▶ [WHAT IS BEING ASKED]
Reproduce all of the listing below without alteration.
[[ EXERCISE MATERIALS, beginning ]]
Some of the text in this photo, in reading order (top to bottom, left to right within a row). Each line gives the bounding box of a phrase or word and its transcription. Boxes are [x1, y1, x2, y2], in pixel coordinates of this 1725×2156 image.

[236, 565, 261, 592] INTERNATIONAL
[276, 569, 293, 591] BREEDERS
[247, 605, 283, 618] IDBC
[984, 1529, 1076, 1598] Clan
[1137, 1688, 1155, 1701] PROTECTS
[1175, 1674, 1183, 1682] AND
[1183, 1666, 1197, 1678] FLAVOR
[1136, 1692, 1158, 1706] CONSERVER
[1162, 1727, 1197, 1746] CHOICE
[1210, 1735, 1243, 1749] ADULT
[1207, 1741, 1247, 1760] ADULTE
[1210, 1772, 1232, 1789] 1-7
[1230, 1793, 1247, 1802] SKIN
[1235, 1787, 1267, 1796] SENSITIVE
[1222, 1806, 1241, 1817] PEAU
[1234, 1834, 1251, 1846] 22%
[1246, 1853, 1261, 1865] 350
[[ EXERCISE MATERIALS, end ]]
▶ [RESPONSE TO THIS EXERCISE]
Some of the text in this photo, in reading order (top to bottom, left to right within a row). Each line gives the bounding box of a phrase or word and its transcription. Boxes are [x1, y1, x2, y2], in pixel coordinates of this 1725×2156 image.

[236, 565, 261, 592] INTERNATIONAL
[276, 569, 293, 591] BREEDERS
[247, 605, 283, 618] IDBC
[984, 1529, 1076, 1598] Clan
[1137, 1688, 1155, 1701] PROTECTS
[1175, 1674, 1183, 1682] AND
[1183, 1666, 1197, 1678] FLAVOR
[1136, 1692, 1158, 1706] CONSERVER
[1162, 1727, 1197, 1746] CHOICE
[1210, 1735, 1243, 1749] ADULT
[1207, 1741, 1247, 1760] ADULTE
[1210, 1772, 1232, 1789] 1-7
[1230, 1793, 1247, 1802] SKIN
[1235, 1787, 1267, 1796] SENSITIVE
[1222, 1806, 1241, 1817] PEAU
[1234, 1834, 1251, 1846] 22%
[1246, 1853, 1261, 1865] 350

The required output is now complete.